It is important to detect nerve entrapment symptoms early and seek medical attention to prevent long-term complications. Early diagnosis and comprehensive treatment are essential to minimize risks and improve long-term quality of life.

Nerve trapped in scar tissue treatment

The management of scar tissue nerve entrapment involves a variety of therapeutic options, depending on the severity of the pathology, from more conservative approaches, such as physiotherapy or manual therapy, to more complex interventions, such as surgery. The medical team will evaluate and select the most appropriate treatment for each patient. Here are some of them (13, 14, 15, 16):

  • Physiotherapy: The objective of physiotherapy is to recover nerve functionality, reduce pain, and promote neuronal adaptation through specific exercises according to the pathology.
  • Massage or manual therapy: Manual therapy techniques, such as massage and myofascial release, aim to remodel scar tissue. Through the controlled application of pressure and friction, therapists seek to generate changes in the mechanical properties of scar tissue. This potentially reduces adhesions and improves the quality of the tissue surrounding the nerve.
  • Medication: The pharmacological approach, such as using nonsteroidal anti-inflammatory drugs (NSAIDs) such as diclofenac or ibuprofen and neuropathic analgesics such as pregabalin, is essential to treat inflammation and relieve pain, which can serve as a chronic or bridge to more definitive treatments, such as surgery.
  • Surgery: Surgical interventions vary depending on the underlying cause of the nerve entrapment. They range from simpler procedures, such as nerve decompression, to more complex cases requiring advanced surgery, such as nerve grafting. In the latter, a nerve graft is used to restore the continuity of the affected nerve, offering a solution to a delicate situation. The outcome of the nerve graft depends on several factors, such as the patient’s previous history, the surgeon’s experience, and the transplanted nerve.

The fundamental purpose of these interventions is to provide a definitive solution to nerve entrapment and to improve the patient’s quality of life significantly. Each therapeutic approach is discussed with the medical team, depending on the patient and the disease-causing nerve entrapment. The goal is to provide comprehensive care in which the patient can resolve their condition and improve their quality of life.

Will nerve damage repair itself?

The regenerative capacity of nerves is limited and depends on multiple factors, such as previous pathologies, the degree of nerve involvement, and the time of evolution of the intervention. 

How long until nerve damage is permanent?
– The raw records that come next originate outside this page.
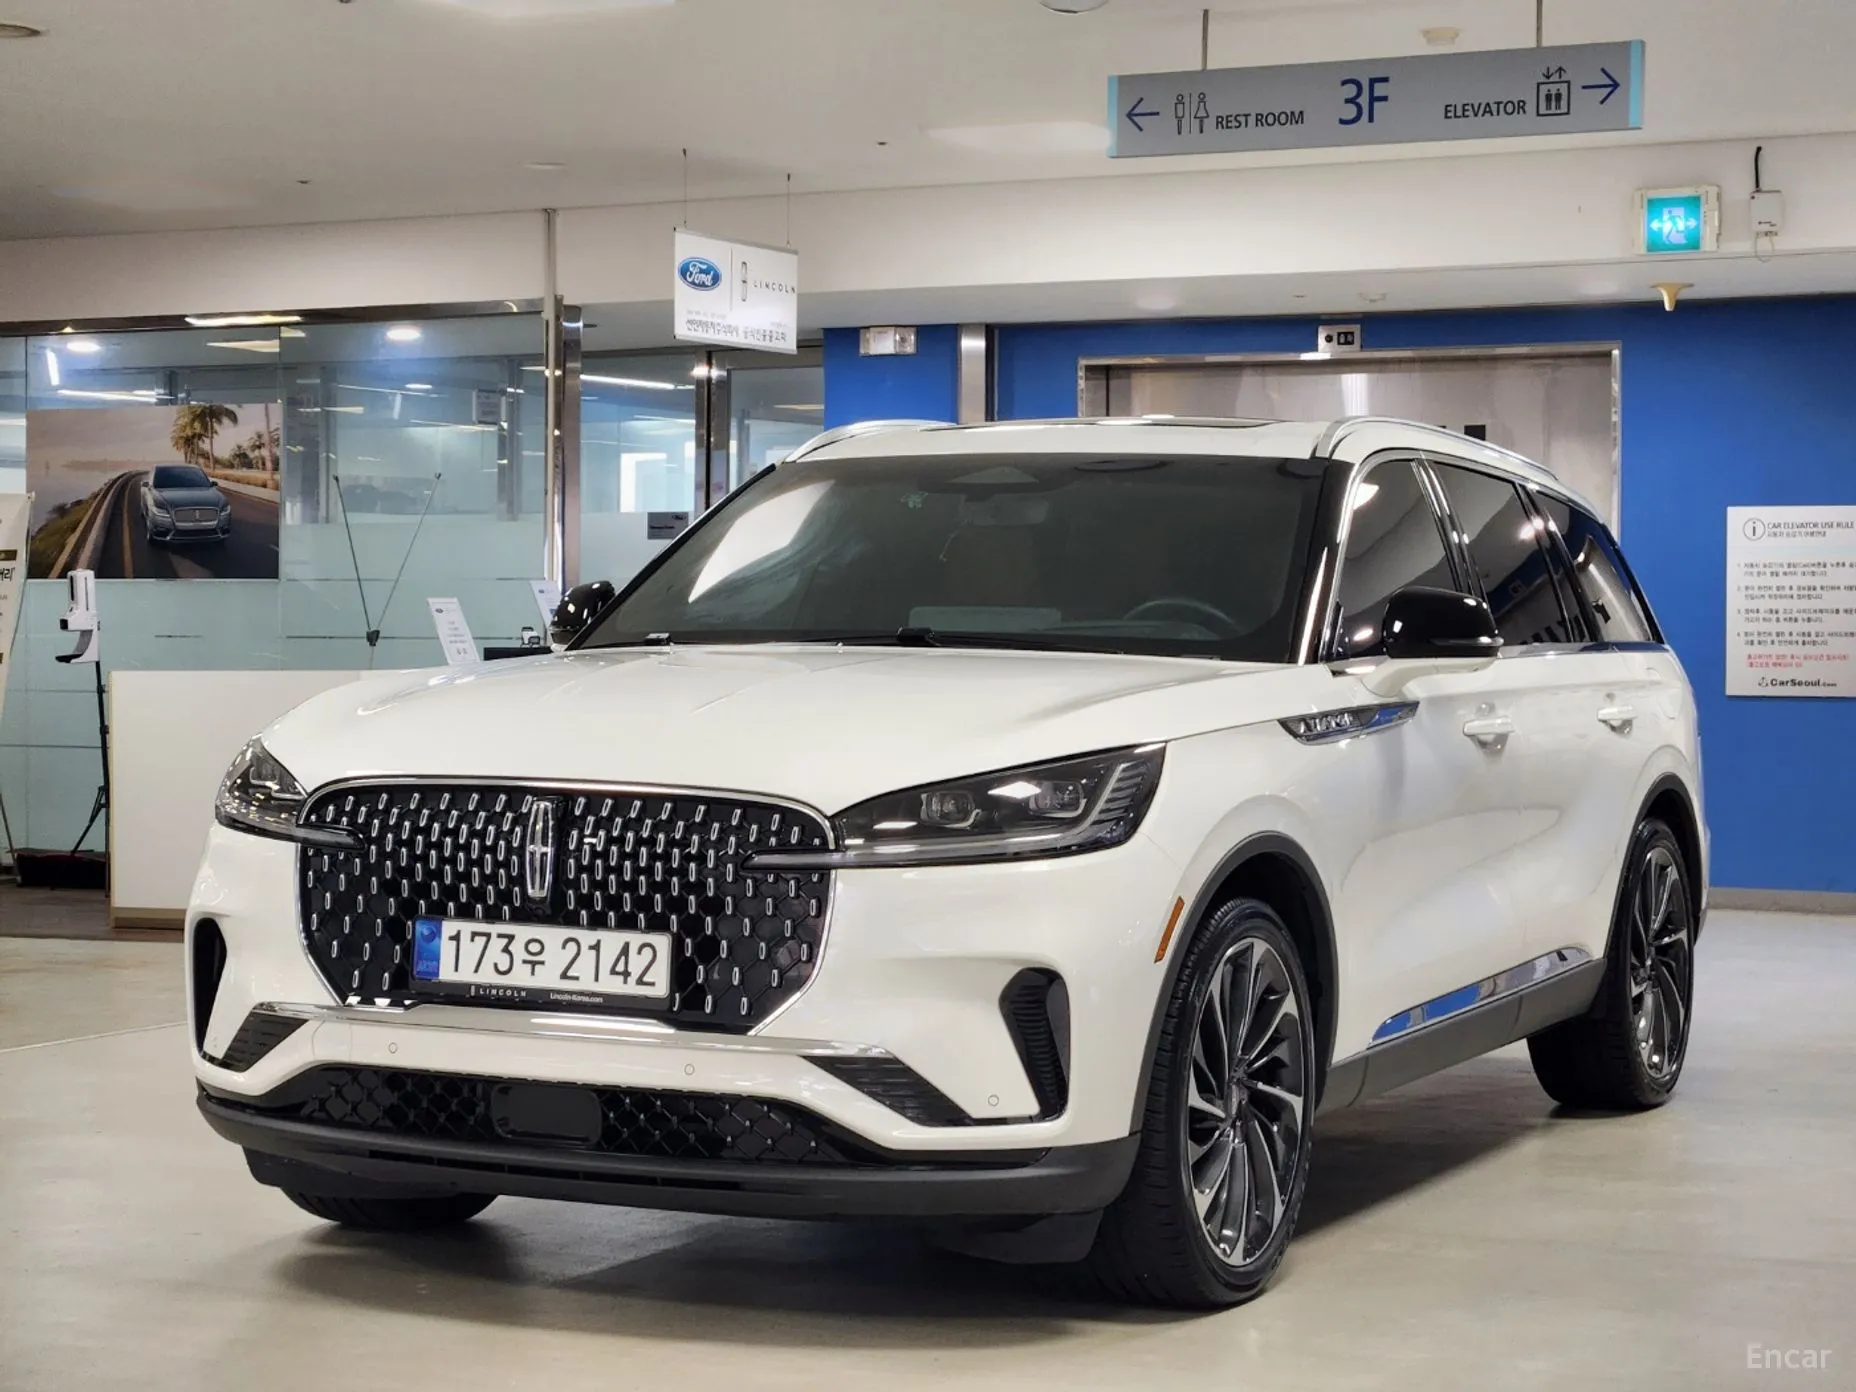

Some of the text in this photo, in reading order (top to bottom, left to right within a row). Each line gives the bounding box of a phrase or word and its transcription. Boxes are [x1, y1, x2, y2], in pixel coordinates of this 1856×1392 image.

[1338, 75, 1390, 125] 3F
[1443, 99, 1527, 120] ELEVATOR
[1215, 109, 1305, 130] REST ROOM
[686, 260, 714, 287] Ford
[753, 280, 796, 294] LINCOLN
[1767, 521, 1781, 529] CAR
[1783, 521, 1819, 529] ELEVATOR
[1820, 521, 1834, 529] USE
[447, 929, 658, 987] 173우 2142
[479, 987, 527, 997] LINCOLN
The permanence of nerve damage is influenced by factors such as the type and severity of the injury, as well as the timing of the intervention. Early and specific treatments can mitigate permanent damage.
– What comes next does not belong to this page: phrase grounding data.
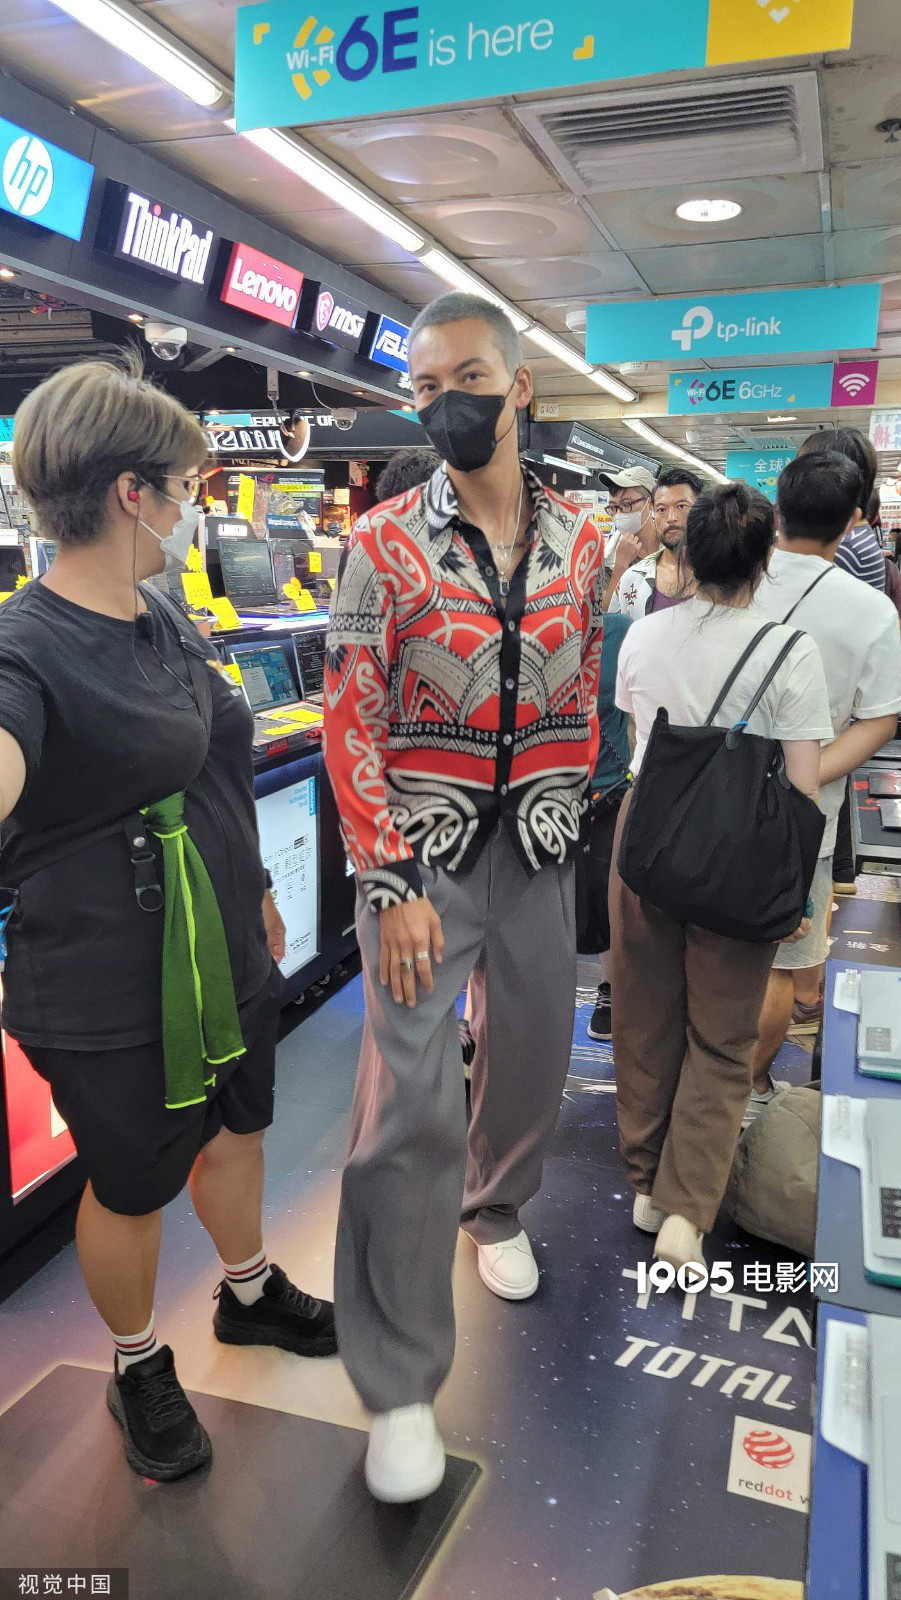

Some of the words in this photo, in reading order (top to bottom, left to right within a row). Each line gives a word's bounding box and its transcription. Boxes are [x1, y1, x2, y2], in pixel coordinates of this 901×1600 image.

[286, 45, 334, 71] Wi-Fi
[336, 6, 419, 82] 6E
[429, 28, 456, 67] is
[468, 18, 554, 61] here
[9, 138, 49, 212] hp
[121, 191, 214, 285] ThinkPad
[230, 257, 297, 312] Lenovo
[329, 305, 365, 338] msi
[717, 316, 781, 342] tp-link
[705, 379, 736, 402] 6E
[754, 456, 792, 474] 全球
[614, 1335, 797, 1411] TOTAL
Can B12 repair nerve damage?

The role of vitamin B12 in nerve health is well established (17). Although vitamin B12 supplements can support nerve function, their ability to repair damage depends on the context. Consultation with a physician will help you to take the right dose.

How long can a trapped nerve last?

The duration of symptoms of a trapped nerve varies depending on the underlying cause, severity, and treatment. It is also important to know the symptoms early to ensure prompt and correct treatment.


Understanding the causes, symptoms, and addressing nerve entrapment in scar tissue early is crucial to prevent long-term complications such as chronic pain, sensory, and motor impairments. Recognizing the complexities of scarring and the potential risks associated with scar tissue formation allows for a more informed approach to diagnosis and treatment. 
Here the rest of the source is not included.